Friday , October 18, 2024

Growth in Payments Helps Boost Middle-Market Processors, Too

Payments processors haven’t had it easy in recent years, what with a pandemic-led shift to e-commerce on the part of brick-and-mortar merchants, a deluge of new and more complicated point-of-sale technologies, and growth by industry giants like Fiserv Inc. and Global Payments Inc.

But many of the midsize players grew, too, and some are now reporting stronger financials as consumers flood into stores and merchants wrestle with new point-of-sale technology. On Thursday, two of these players reported a steady rise in quarterly revenue as merchants sought technology to meet consumer demand.

Cantaloupe Inc., a Malvern, Pa.-based specialist in processing for vending and other unattended markets, said it closed out its March quarter with a 12.5% jump in revenue, to $67.9 million, including  $40 million in transaction fees, which represented a nearly 20% increase. It processed $767.4 million in transactions, up fully 17.4%. Its client count rose 11.1%, to 30.670.

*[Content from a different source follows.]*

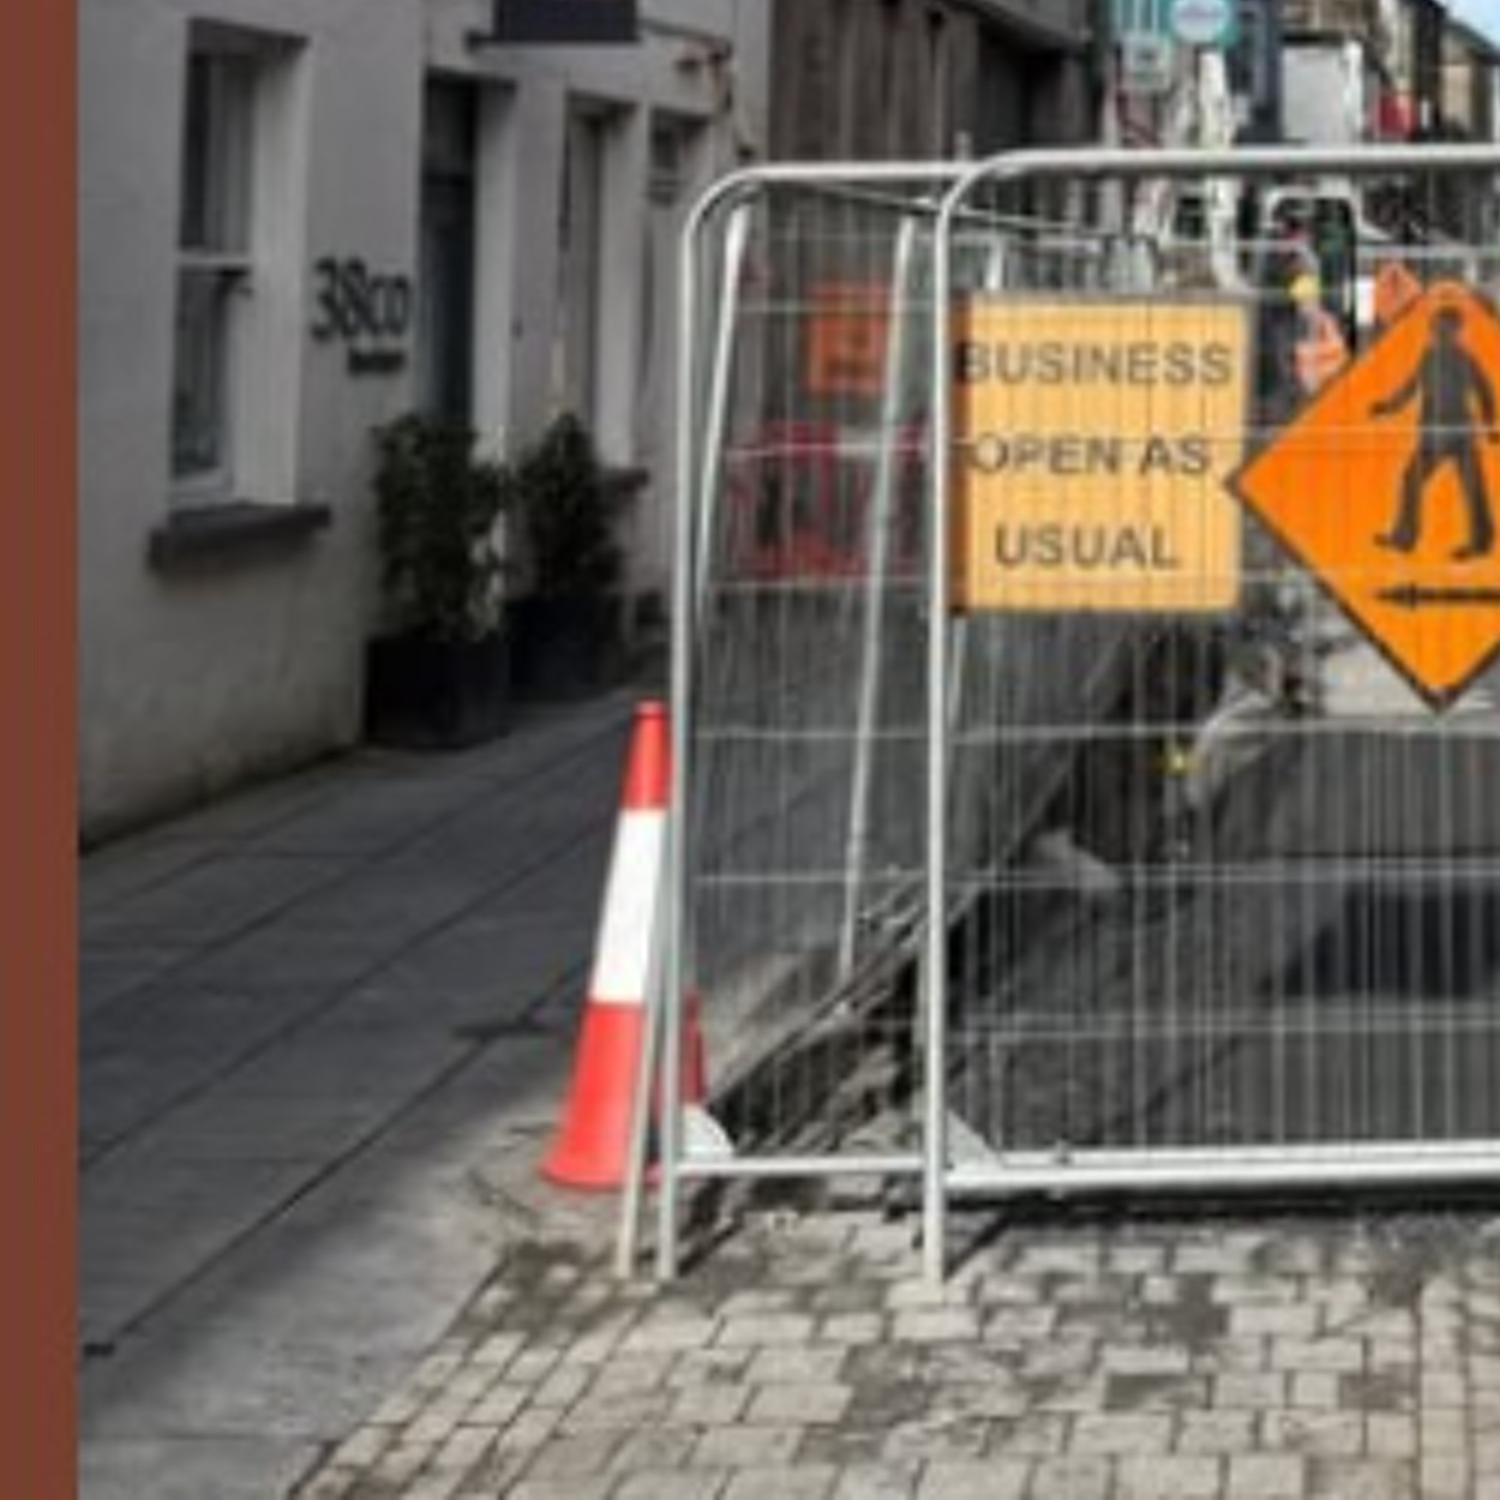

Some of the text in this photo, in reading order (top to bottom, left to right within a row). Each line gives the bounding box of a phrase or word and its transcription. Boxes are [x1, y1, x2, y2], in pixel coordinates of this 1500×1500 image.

These results don’t include Cantaloupe’s $4.75-million deal for Seattle-based Cheq Inc., which closed in the middle of the quarter. That combination gives Cantaloupe entrée into a completely new—and highly competitive—market: stadiums and arenas. That will take the ambitious company far beyond its base in vending machines and pop-up markets.

On the same day, Atlanta-based Repay Holdings Corp. announced an 8% year-over-year boost in revenue, to $80.7 million, and an 81% narrowing of its net loss, to $5.4 million. While the company processes both consumer and business payments, its focus is largely on consumer transactions, which accounted for $76.1 million in revenue.

Repay was one of the payments industry’s early adopters of the SPAC trend that took hold during the pandemic. It began trading on the Nasdaq in July 2019 through a merger with Thunder Bridge Acquisition Ltd. SPACs, or special purpose acquisition companies, are set up by investors as pubic companies for the sole purpose of acquiring privately held entities in a move that some see as a quicker and more efficient route to public ownership.